Veneziano

Da anestesista eroe a no vax: sospeso

Da simbolo della lotta al Covid a medico no vax. L’anestesista dell’Azienda ospedaliera dell’Università di Padova il mestrino Alessio Scatto, 45 anni, è stato sospeso dal servizio perché non si è vaccinato contro il Covid. Dal 10 settembre, come si legge nella sua pagina all’interno dell’albo dell’Ordine dei Medici di Venezia, dove è iscritto dal 1996, non può più esercitare la professione. Scatto rientra così tra gli 86 operatori sanitari no vax che l’Azienda Ospedaliera padovana ha dovuto sospendere dal servizio fino al 31 dicembre 2021, perché non vaccinati. Una notizia quella dell’anestesista che si contrappone a quella che è stata la sua figura durante le ondate più dure della pandemia.

Eroe durante il lockdown

Era marzo 2020 quando la compagna del medico, impegnato in prima linea nella Terapia intensiva Covid dell’Azienda Ospedaliera dell’Università di Padova, lo incoraggiava a tenere duro e andare avanti.

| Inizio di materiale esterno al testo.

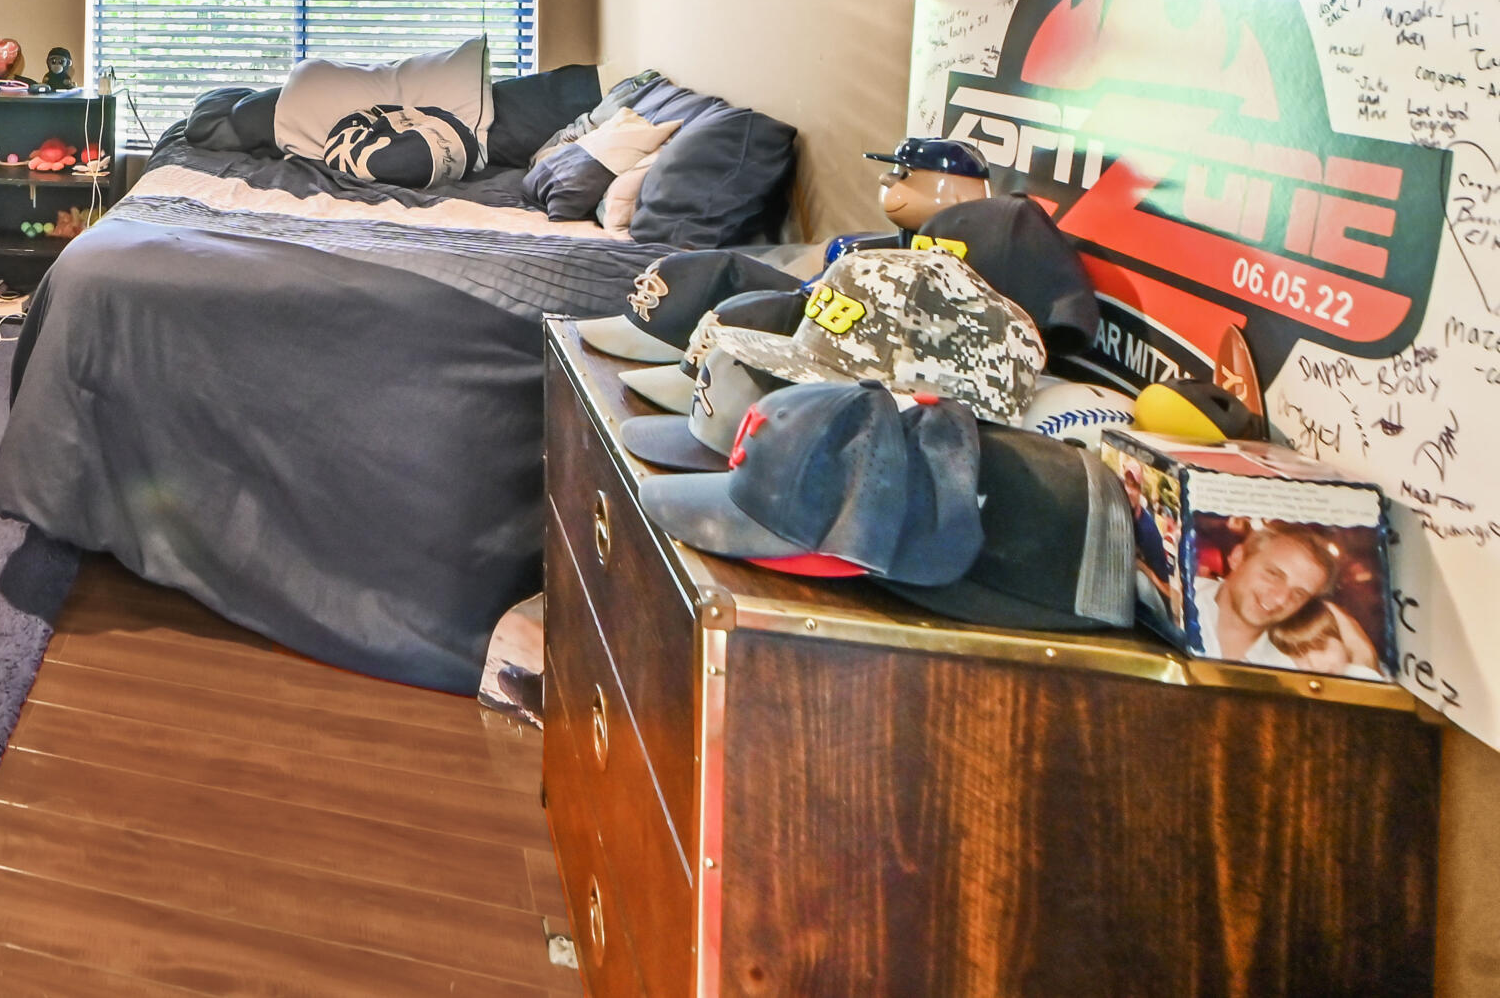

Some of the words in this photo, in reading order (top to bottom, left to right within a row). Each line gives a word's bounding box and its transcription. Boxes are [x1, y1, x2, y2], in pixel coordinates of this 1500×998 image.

All’epoca dell’andrà tutto bene, del lockdown più stretto e delle canzoni intonate dai balconi di casa, Alessio Scatto era diventato uno dei tanti medici eroi. Fu simbolo dell’impegno, della forza e della resistenza in una battaglia che già si era dimostrata durissima. «Ti vedo in quel reparto, con quella tuta. .. il caldo, la fatica, la tensione… e non ti ho mai visto più bello». Era la dedica che la compagna, orgogliosa di lui, gli aveva dedicato proprio in quei giorni sulla sua pagina Facebook.

Il cambiamento

Nessuna spiegazione del perché abbia deciso di non vaccinarsi. Eppure il virus a marzo 2020 gli faceva paura, come raccontava la compagna. «Per la prima volta nella mia vita l’ho visto spaventato», aveva raccontato all’epoca parlando del suo lavoro in corsia. «Alessio è una persona che caratterialmente si agita poco, in grado di gestire momenti molto difficili, anche grazie al suo lavoro. Questa volta invece», scriveva allora «l’ho visto preoccuparsi giorno dopo giorno per una situazione che appariva sempre più grave». Questo però non è bastato a convincerlo a sottoporsi a profilassi.